Pauls Valley, OK, Pauls Valley Democrat

Local News

January 24, 2011

New manager part of PVGH vision for future

. — Change is as much a part of a business atmosphere as any other integral aspect and in the past half year or so Pauls Valley General Hospital has been far from an exception.

When Abraham Cherian, respiratory care manager, was hired Nov. 15, he not only had to adjust to a new medical environment, he was asked to see how his department could be used to help see through the betterment of patient/hospital relations for the long term. He believes changes being requested aren’t just a good idea for making ends meet, but a part of a new direction in treatment across health care itself.

“We are always looking at what we do now and how to improve,” said Cherian. “Medicine is always changing and it is becoming more evidence based.”

Cherian’s presence at the Hospital could also be seen as inspirational for immigrants finding their way to the American Dream, being a native of India himself. He has spent 26 years in the states and has not tired of the opportunities to help people, especially in environments like Pauls Valley where corporations don’t dictate how patients are treated.

Before coming to Garvin County to work, much of his previous career was at the Children’s Hospital in Oklahoma City through the University of Oklahoma. He started there in 1987 and really got into the respiratory area through projects like a breathing device for infants with severe cases. There was a period of time as well where he worked at the hospital in Purcell, which helped him get used to the smaller hospital environment.

“This part of the state is much easier for me now because of work experience at Purcell,” said Cherian, who added that he was simply looking for a full time position of any kind in medical field when he applied at PVGH. “It’s a pure coincidence that I ended up here because I did not even think I’d be in a management role.”

Cherian’s education is always ongoing since he is a member of the American Association for Respiratory Care, which requires him to complete about 12 credit hours every two years to remain current. His education before that included respiratory studies at Francis Tuttle in Oklahoma City and becoming a therapy technician through the California College for Health Sciences in San Diego.

Daily duties for Cherian since he has arrived has been to make sure all the current policies that need to be are in place and to make sure the ones that are already around meet needs of direct patient care. He also deals quite a bit with medical records and makes rounds occasionally, checking on the patients themselves.

“Most everybody is very caring, enjoying what they are doing,” said Cherian. “It’s a balancing act and I’ve had to adjust my thinking process moving from large hospitals to small.”

For now, Cherian still commutes from Oklahoma city where his kids live, but he has not ruled out moving closer to the area in the next couple of years. If there was one goal for his career for the long term, he noted that it would be to provide well organized care and offer all the types of respiratory technology that is available in the field.

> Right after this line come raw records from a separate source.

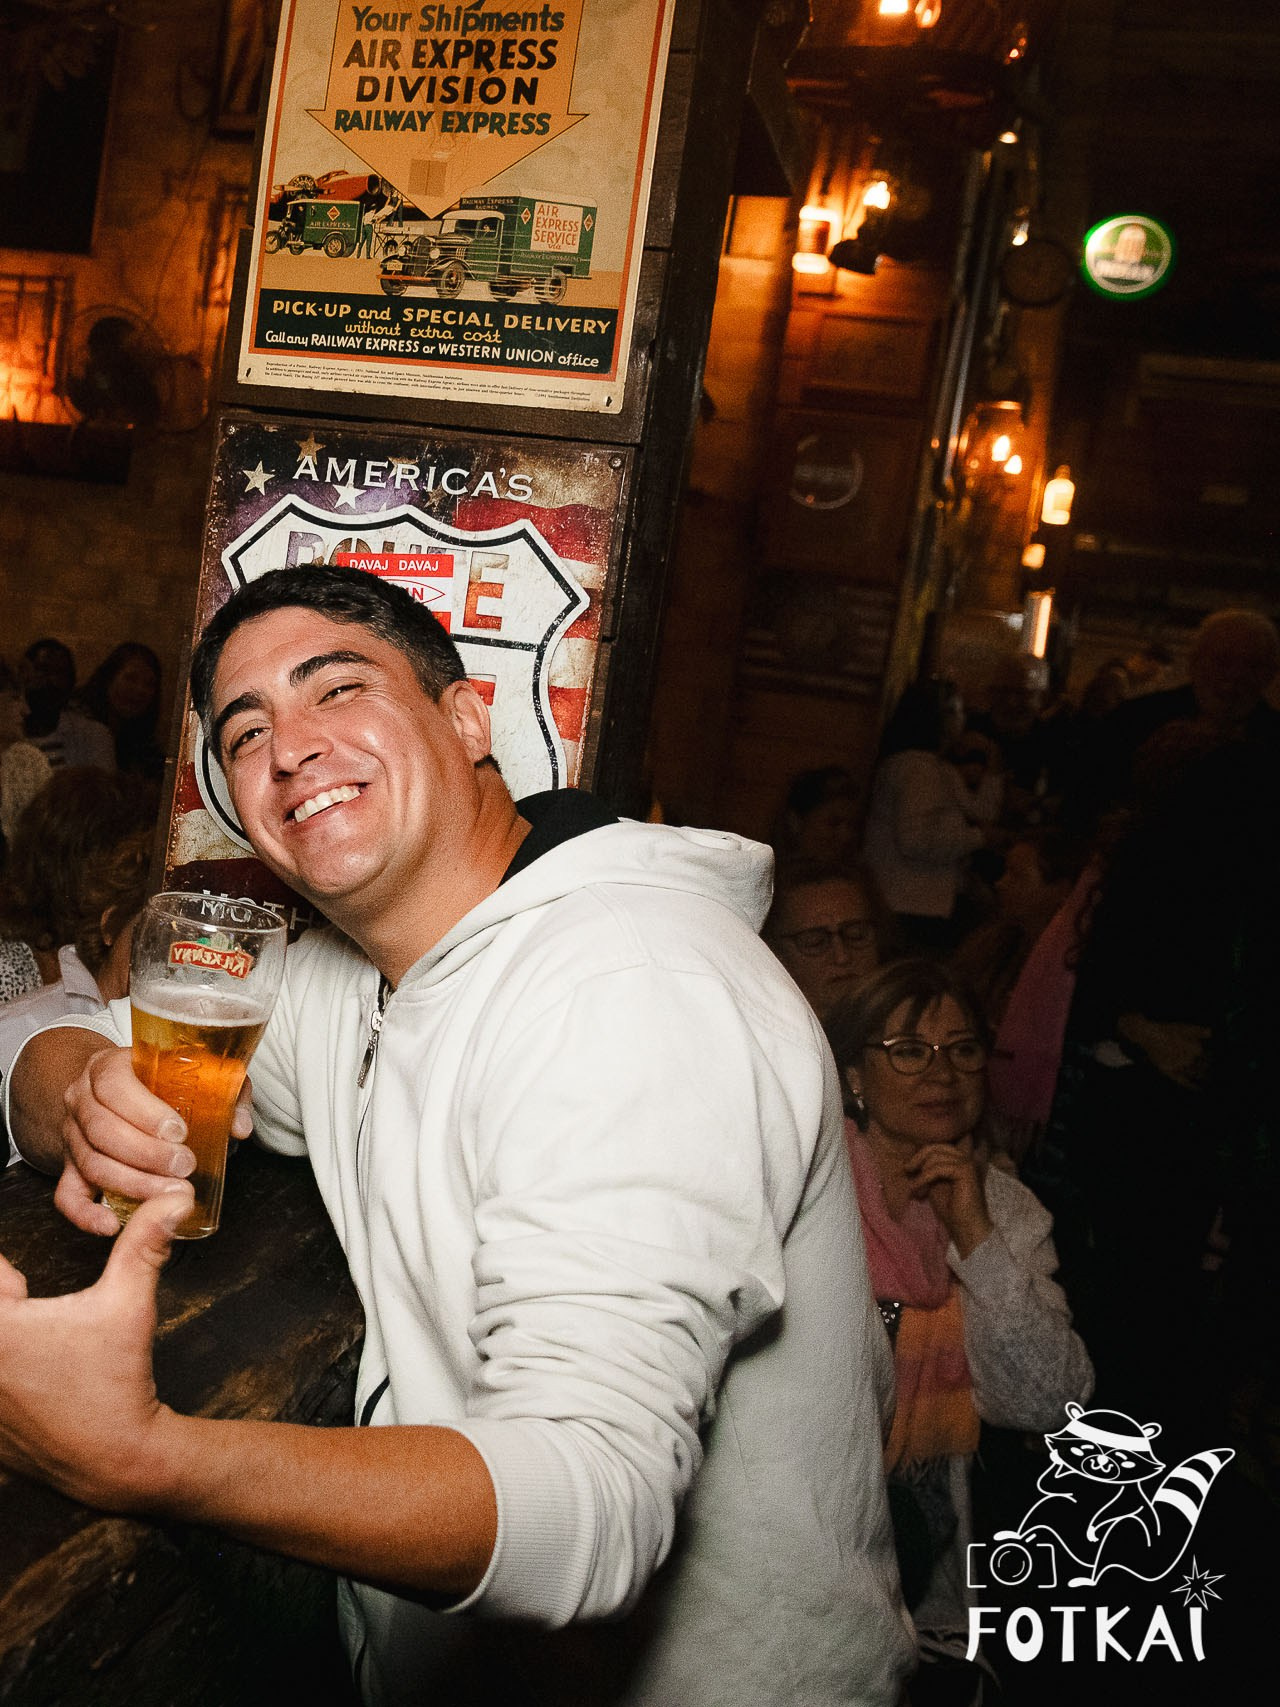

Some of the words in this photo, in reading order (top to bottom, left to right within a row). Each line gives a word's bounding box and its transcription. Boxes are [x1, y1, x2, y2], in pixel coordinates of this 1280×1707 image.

[352, 6, 412, 32] Your
[420, 4, 565, 37] Shipments
[343, 39, 402, 72] AIR
[412, 39, 559, 74] EXPRESS
[356, 76, 539, 105] DIVISION
[335, 109, 434, 133] RAILWAY
[440, 111, 552, 137] EXPRESS
[535, 218, 579, 233] EXPRESS
[537, 205, 559, 217] AIR
[533, 230, 577, 246] SERVICE
[272, 300, 352, 318] PICK-UP
[357, 307, 392, 321] and
[402, 308, 495, 328] SPECIAL
[503, 314, 612, 335] DELIVERY
[345, 321, 401, 336] without
[410, 325, 455, 341] extra
[462, 329, 503, 344] cost
[265, 330, 287, 344] Call
[286, 334, 309, 348] any
[310, 334, 364, 350] RAILWAY
[365, 337, 421, 354] EXPRESS
[422, 346, 435, 354] or
[438, 342, 501, 359] WESTERN
[505, 348, 555, 363] UNION
[557, 352, 600, 367] office
[292, 454, 534, 502] AMERICA'S
[350, 559, 389, 571] DAVAJ
[399, 560, 439, 571] DAVAJ
[201, 889, 314, 930] MOTH
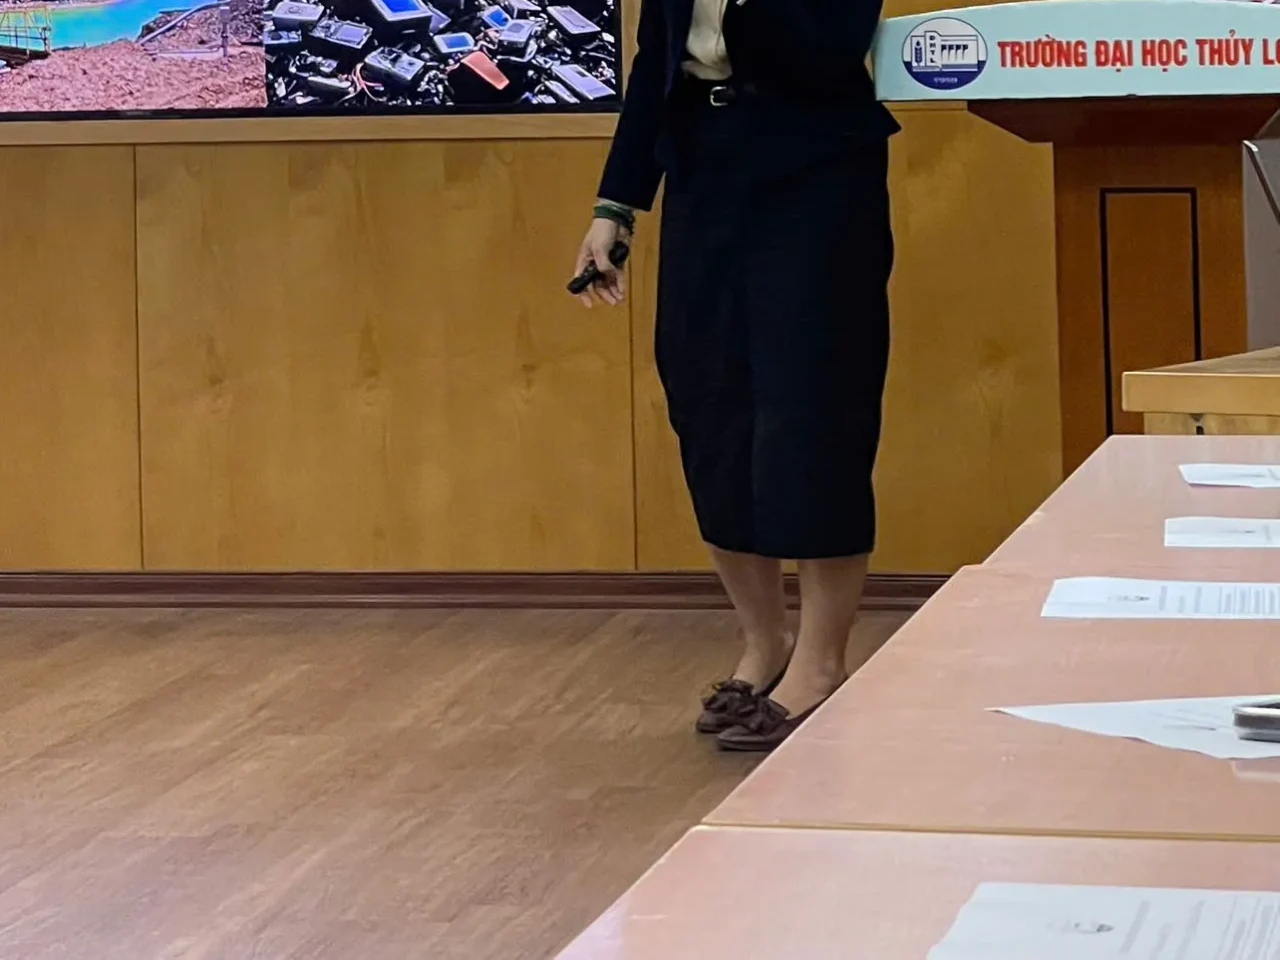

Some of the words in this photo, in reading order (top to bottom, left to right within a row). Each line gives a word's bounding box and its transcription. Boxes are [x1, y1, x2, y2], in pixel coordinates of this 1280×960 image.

[997, 33, 1088, 68] TRƯỜNG
[1094, 39, 1134, 72] ĐẠI
[1141, 38, 1188, 72] HỌC
[1196, 29, 1254, 66] THỦY

Cherian said in the mean time he will enjoy the laid back atmosphere of the community, while still meeting the demands that come his way. The key to making that happen is that everyone cannot be lumped together and that their different circumstances keeps things compassionate.

“I’m a people person, I’m not just looking at physical needs,” said Cherian. “They are not just an object, but a person going through sickness or difficulty.”